[Images for object localization]
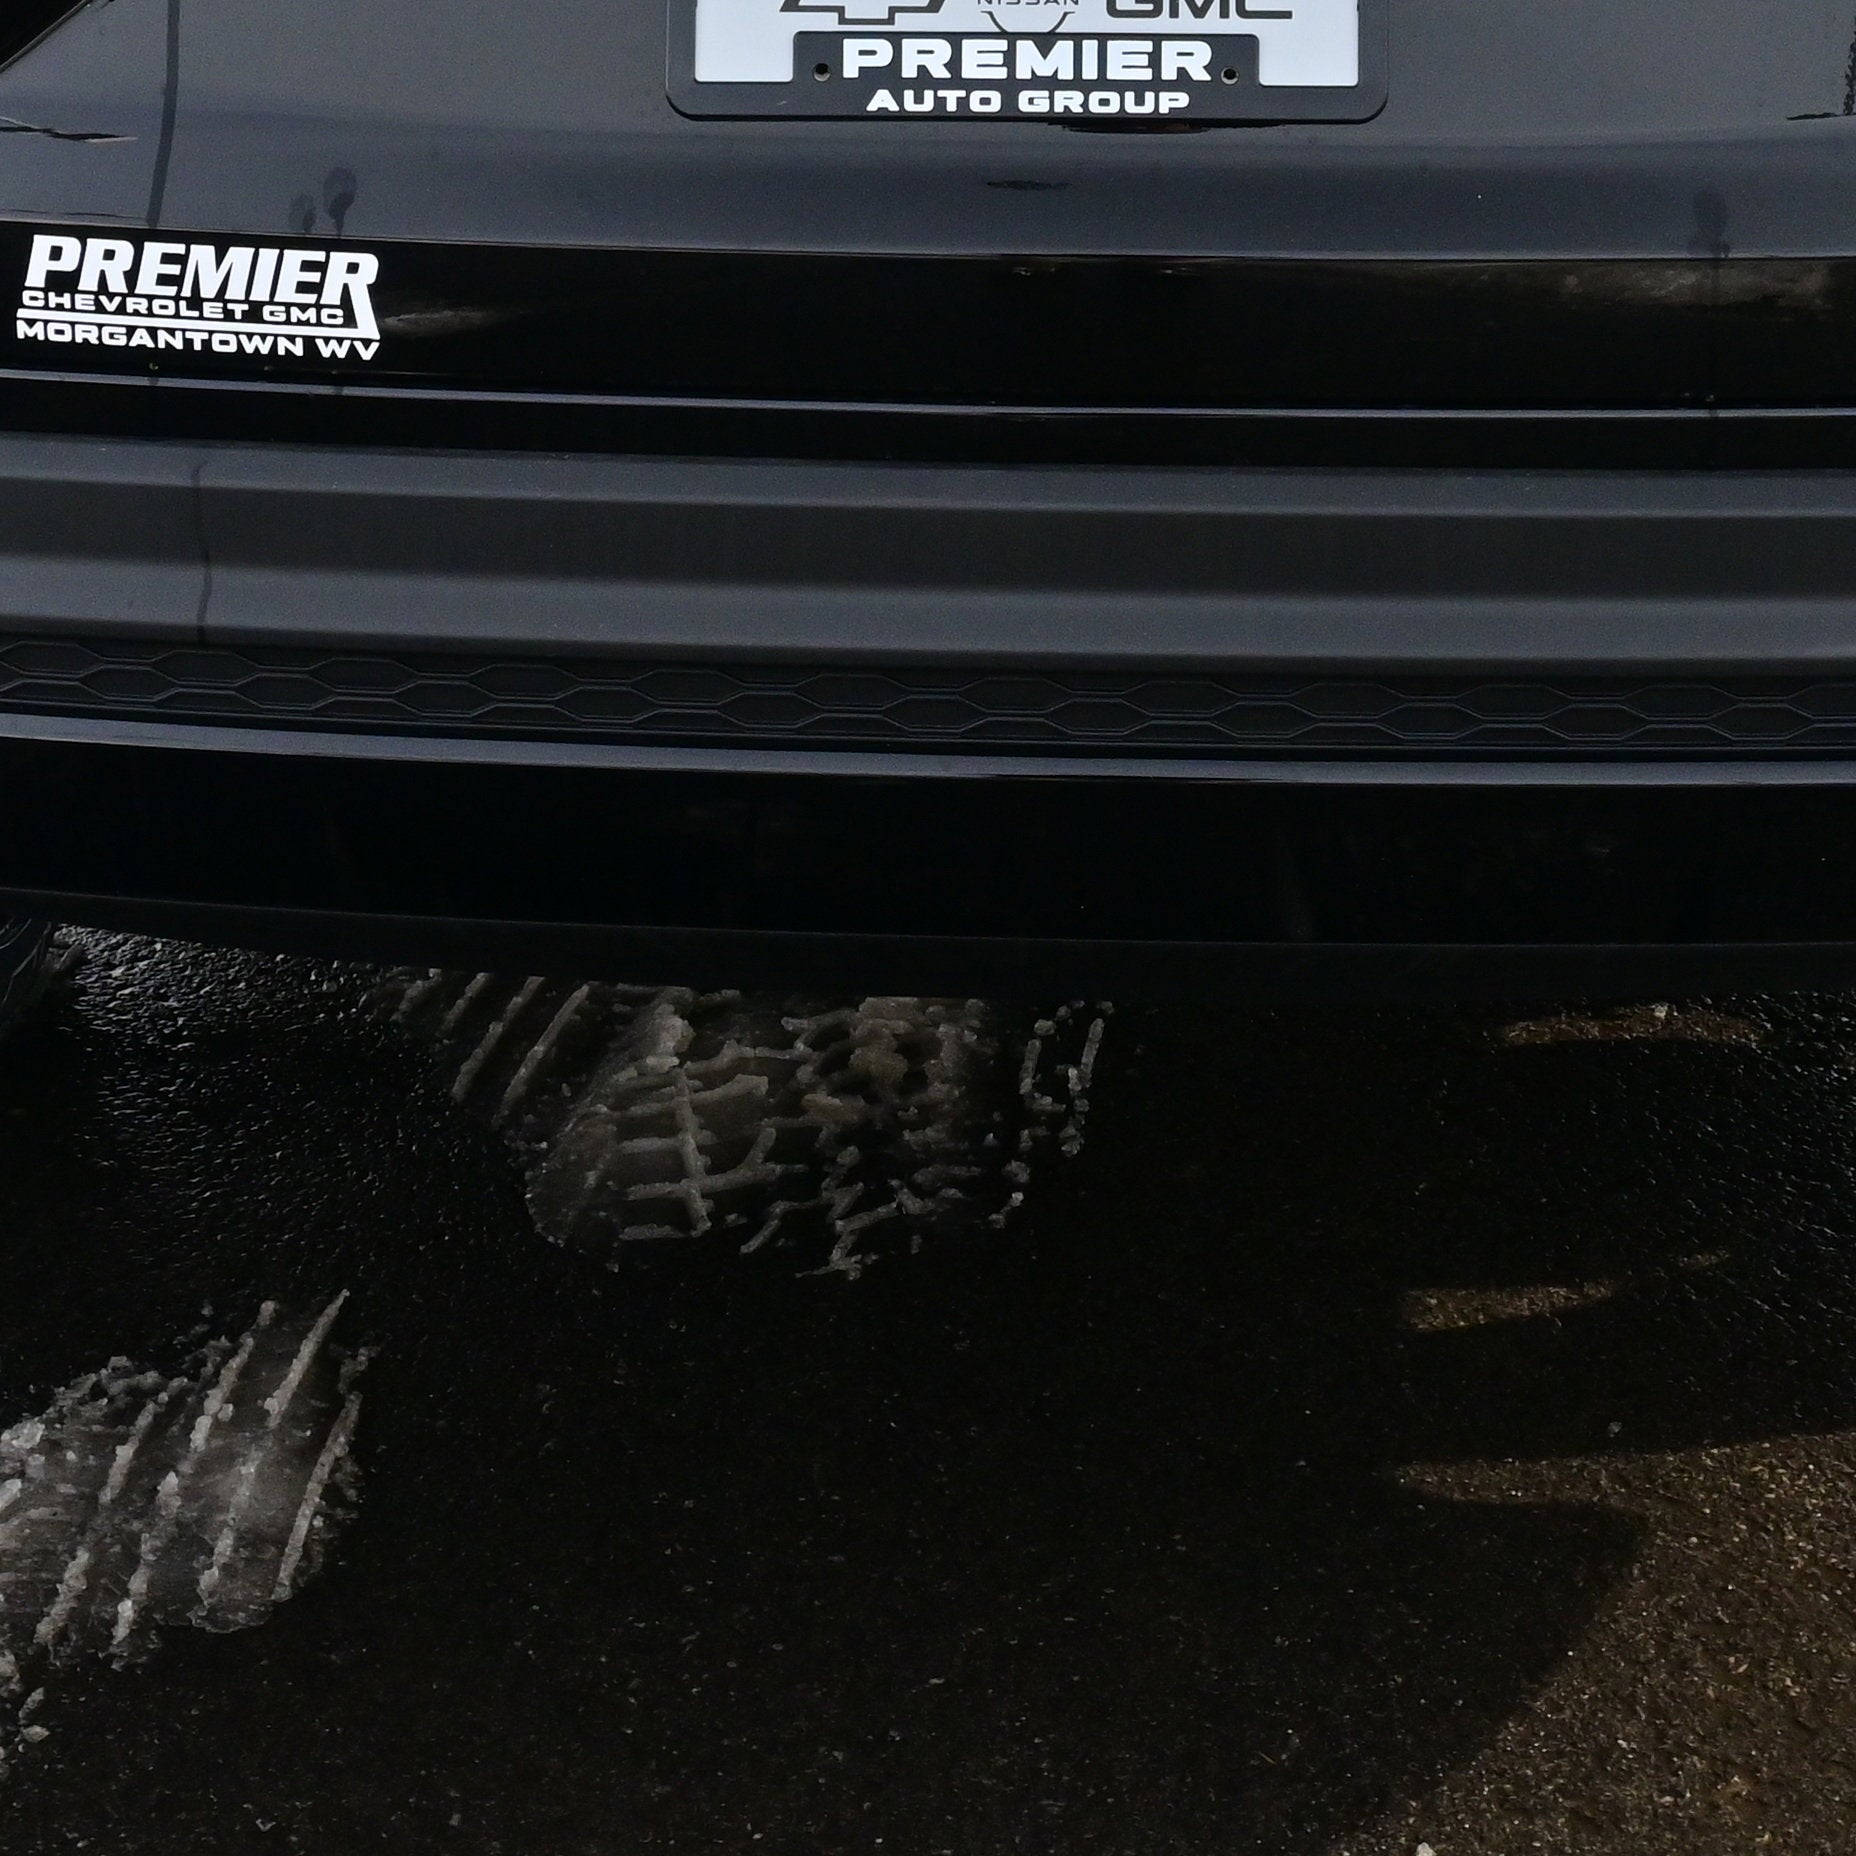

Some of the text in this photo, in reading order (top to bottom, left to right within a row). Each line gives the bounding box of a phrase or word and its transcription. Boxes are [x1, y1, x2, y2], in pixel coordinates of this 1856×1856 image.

[842, 38, 1213, 82] PREMIER
[866, 89, 1190, 114] AUTO GROUP
[22, 290, 345, 325] CHEVROLET GMC
[24, 234, 381, 340] PREMIER
[16, 319, 380, 361] MORGANTOWN WV

What the task requires: All of the lines above should be copied exactly, apart from the pictures.

Task result:
Some of the text in this photo, in reading order (top to bottom, left to right within a row). Each line gives the bounding box of a phrase or word and its transcription. Boxes are [x1, y1, x2, y2], in pixel coordinates of this 1856×1856 image.

[842, 38, 1213, 82] PREMIER
[866, 89, 1190, 114] AUTO GROUP
[22, 290, 345, 325] CHEVROLET GMC
[24, 234, 381, 340] PREMIER
[16, 319, 380, 361] MORGANTOWN WV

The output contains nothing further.